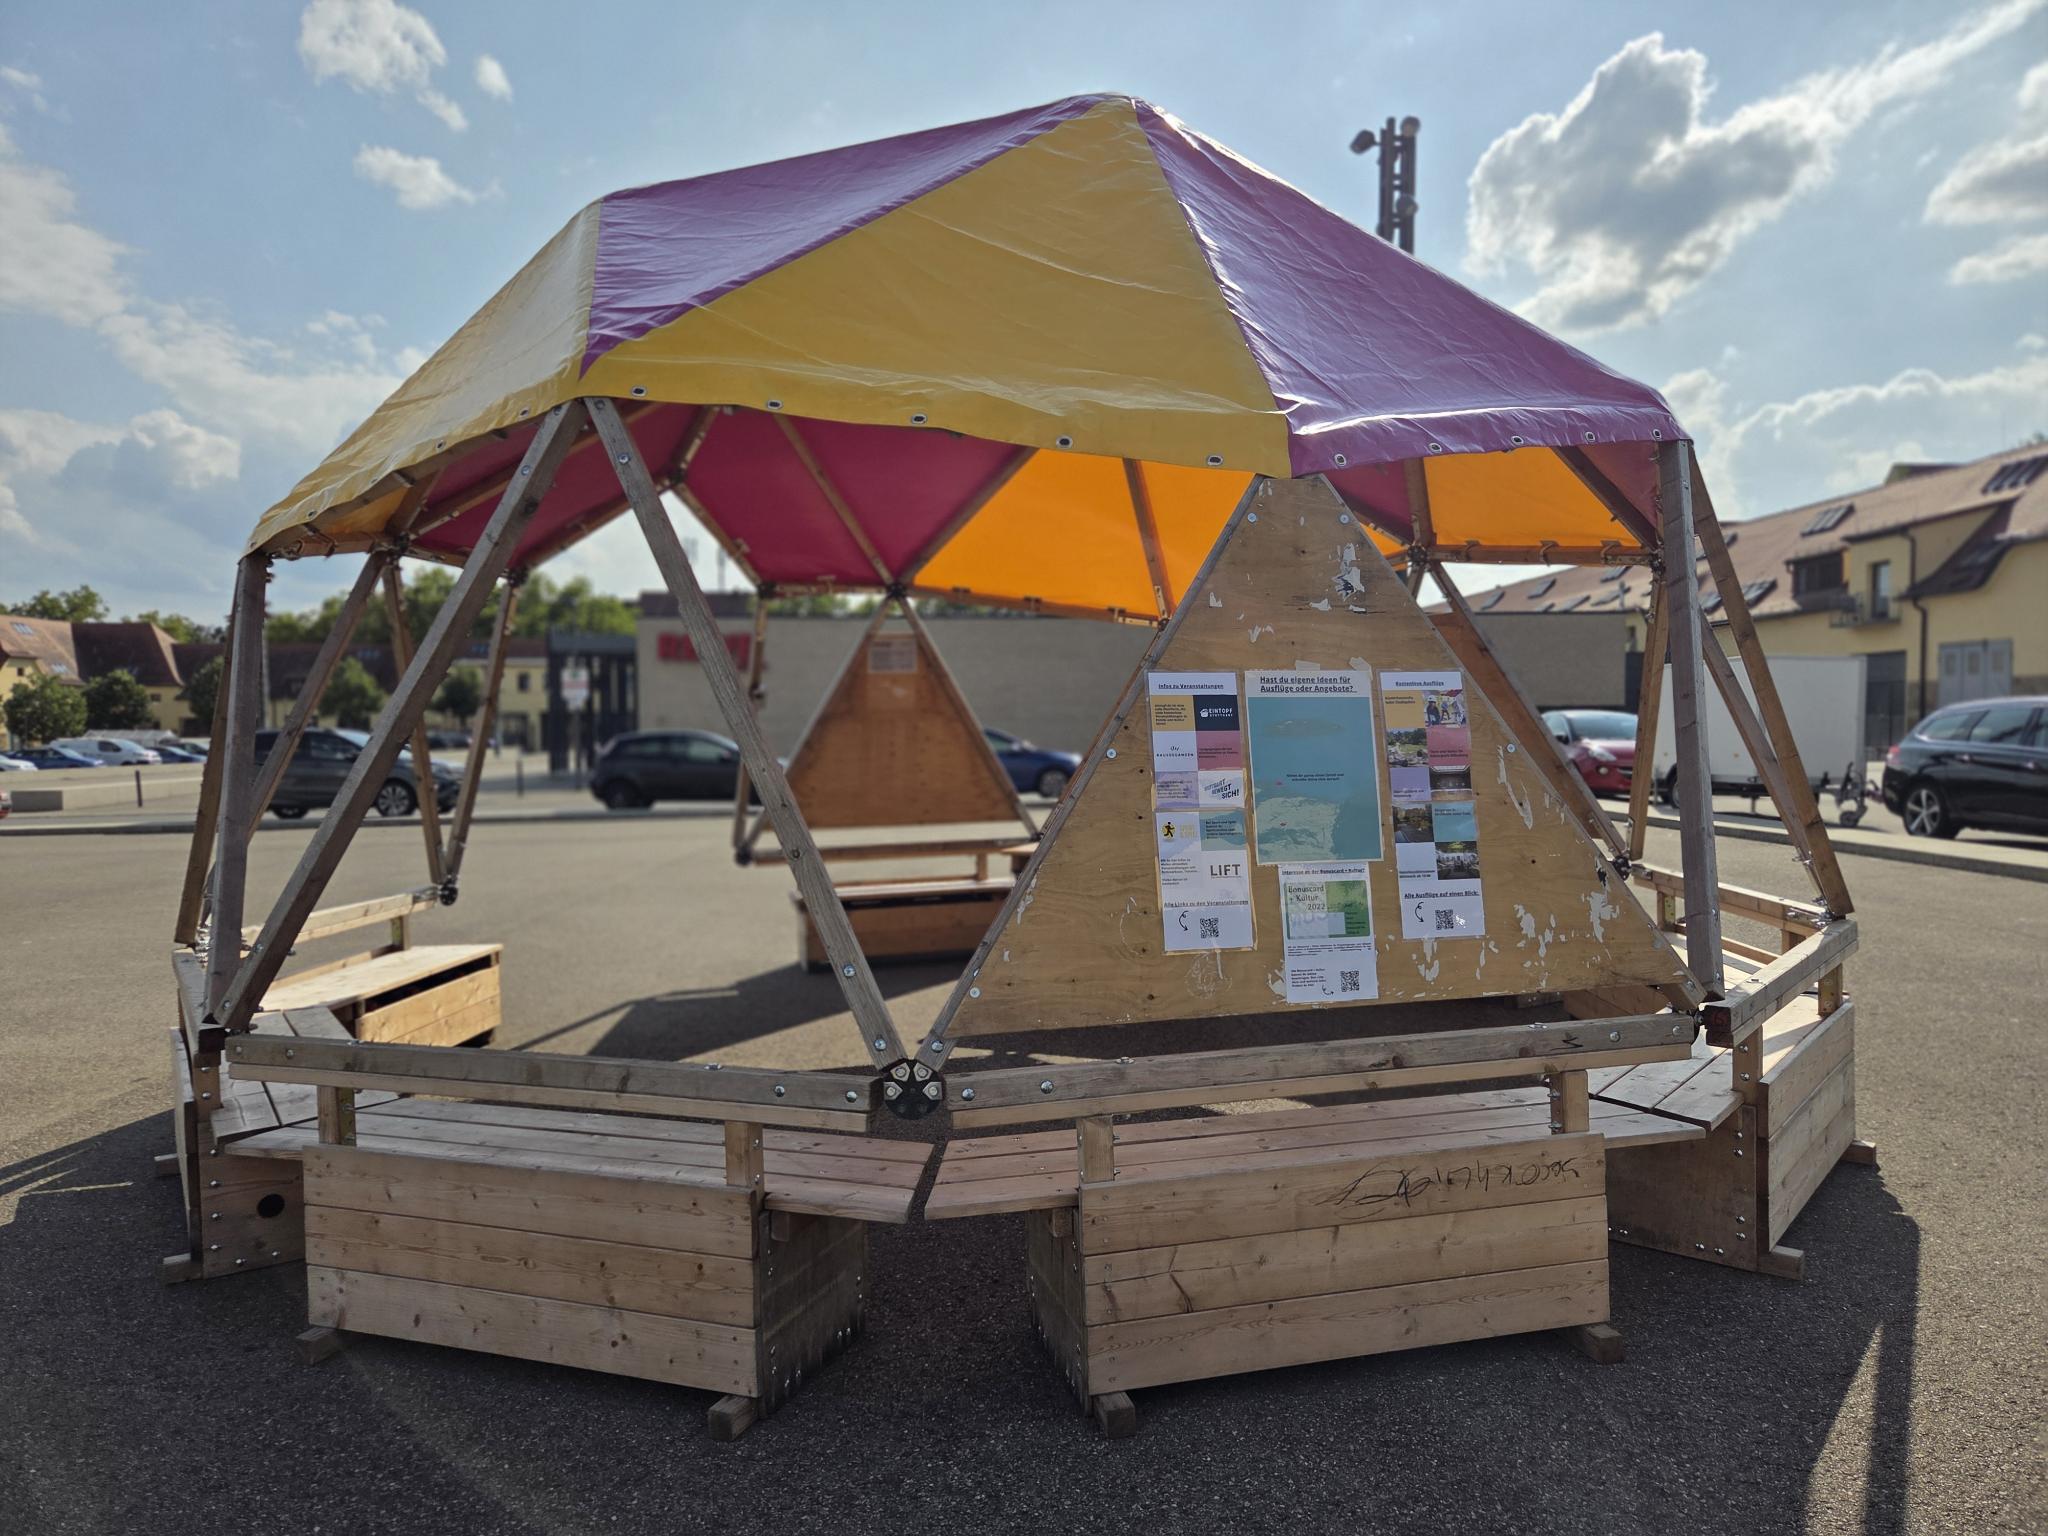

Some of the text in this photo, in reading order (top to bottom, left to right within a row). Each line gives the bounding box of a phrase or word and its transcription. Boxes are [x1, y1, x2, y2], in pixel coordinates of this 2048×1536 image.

[1260, 676, 1351, 686] Hast du eigene Ideen für
[1260, 685, 1294, 693] Ausflüge
[1315, 685, 1353, 693] Angebote?
[1221, 789, 1240, 799] SICH!
[1210, 864, 1241, 876] LIFT
[1288, 885, 1325, 893] Bonuscard
[1295, 894, 1319, 902] Kultur
[1416, 891, 1438, 899] Ausflüge
[1206, 900, 1249, 908] Veranstaltungen
[1307, 903, 1326, 911] 2022
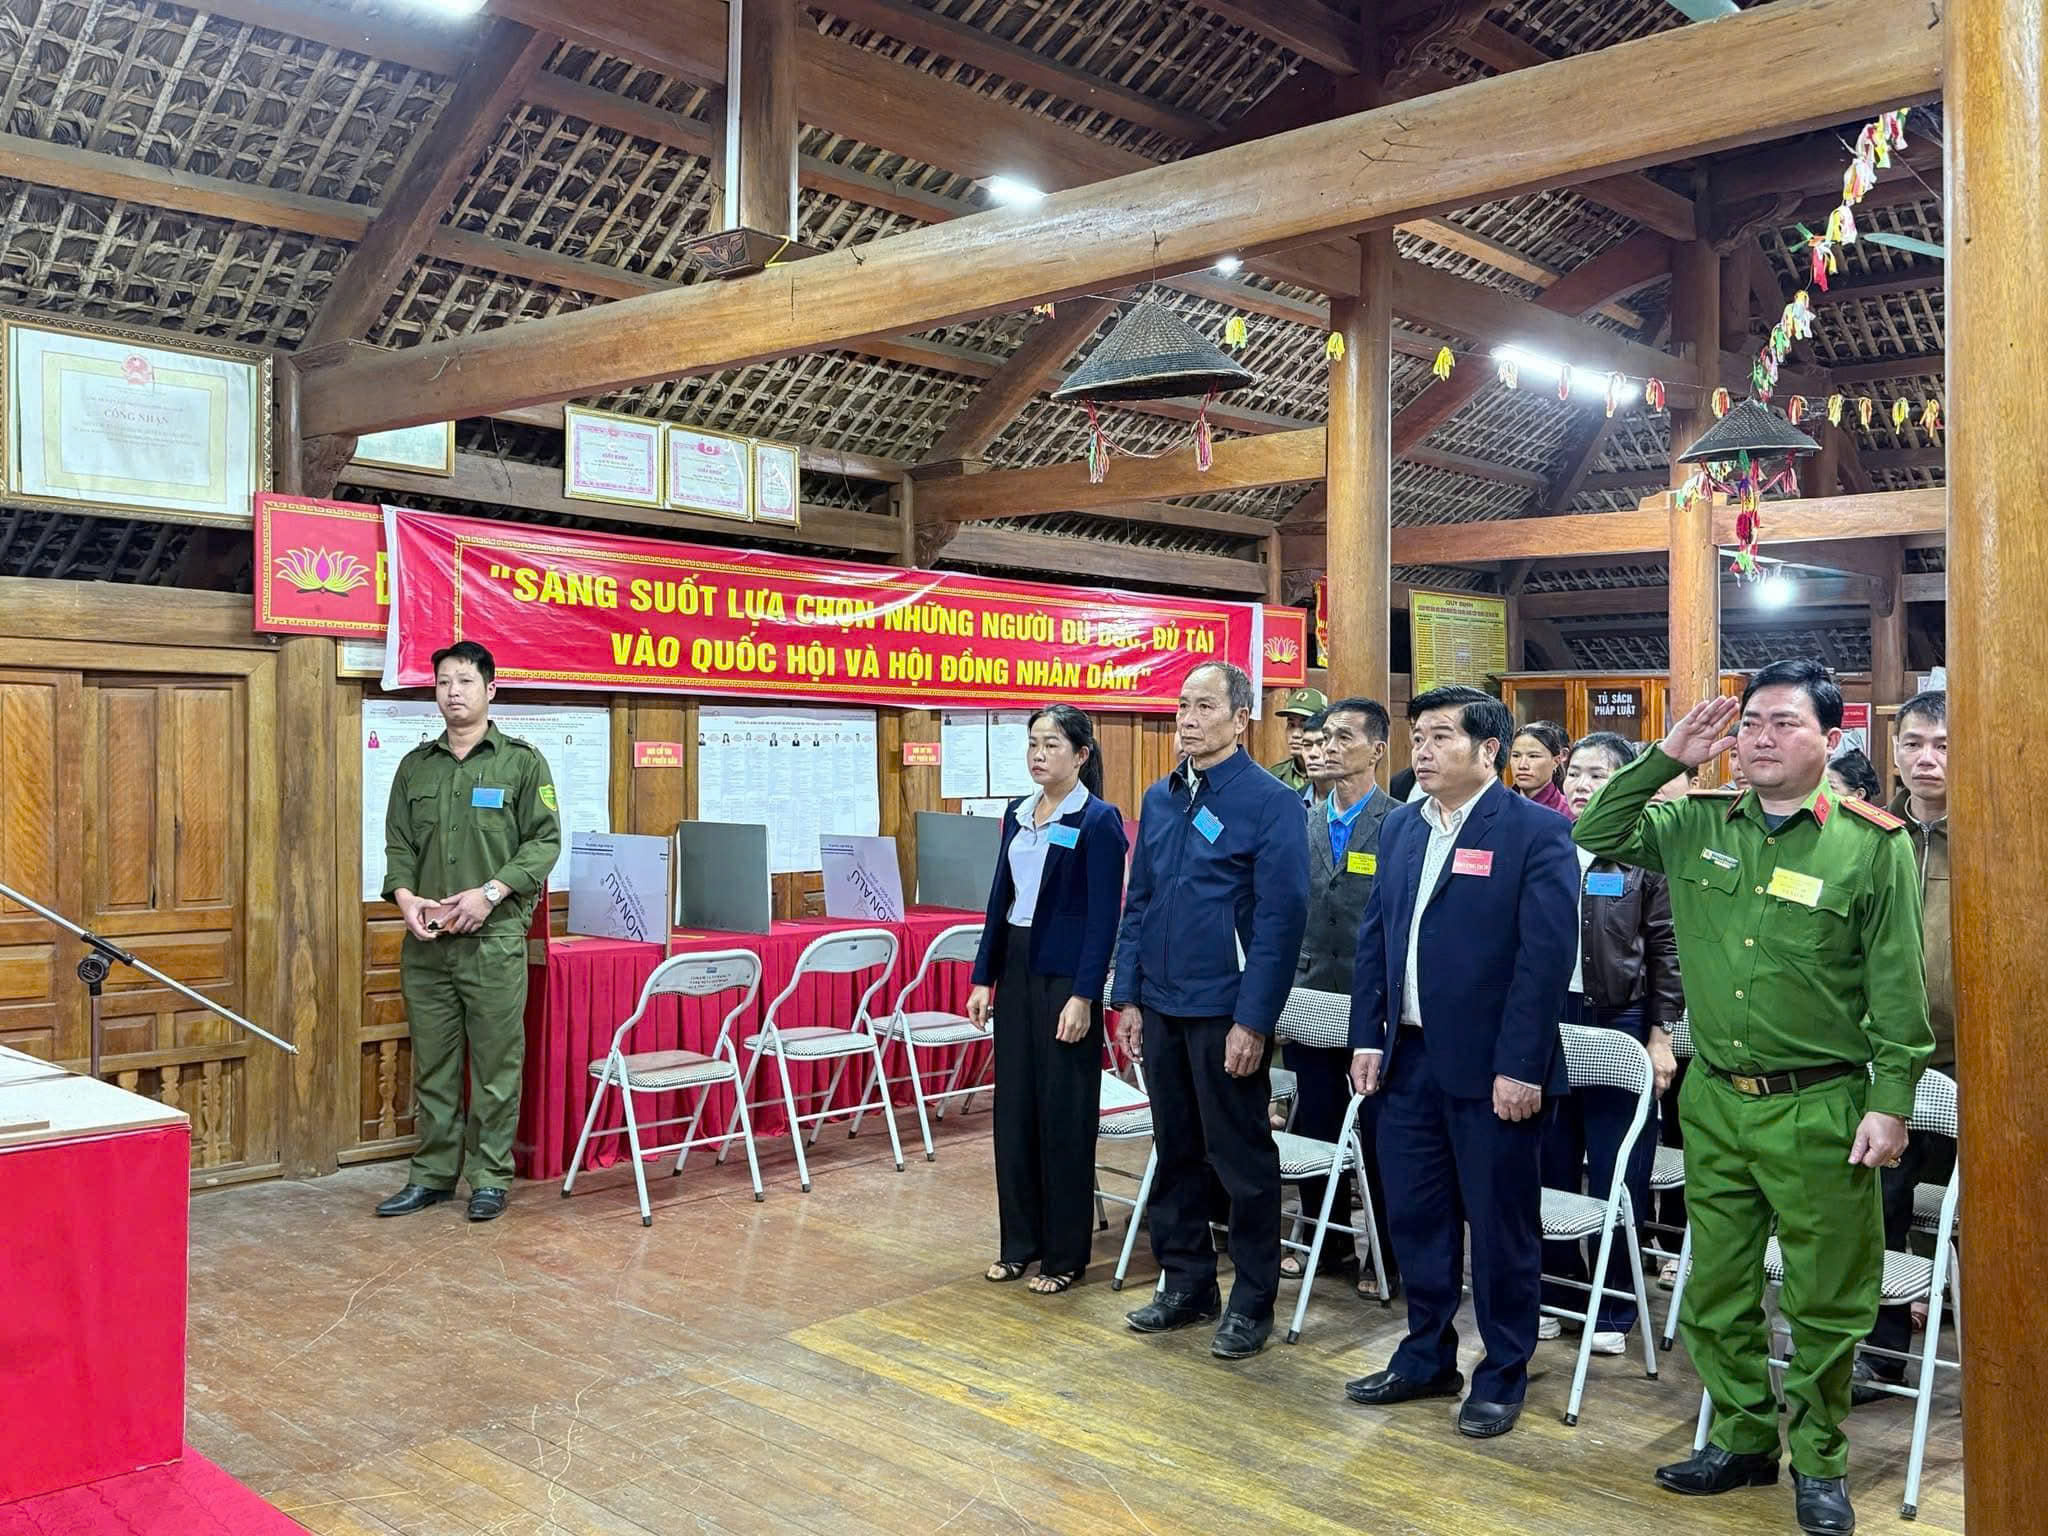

▶ **What is required**
Please print the entries above exactly. Skip every picture.

▶ **Solution for this exercise**
Some of the text in this photo, in reading order (top to bottom, left to right within a row). Each line gives the bounding box of a phrase or word and its transcription. Boxes are [x1, y1, x2, y2], in pixel coordinates of this 2048×1536 image.

[1260, 676, 1351, 686] Hast du eigene Ideen für
[1260, 685, 1294, 693] Ausflüge
[1315, 685, 1353, 693] Angebote?
[1221, 789, 1240, 799] SICH!
[1210, 864, 1241, 876] LIFT
[1288, 885, 1325, 893] Bonuscard
[1295, 894, 1319, 902] Kultur
[1416, 891, 1438, 899] Ausflüge
[1206, 900, 1249, 908] Veranstaltungen
[1307, 903, 1326, 911] 2022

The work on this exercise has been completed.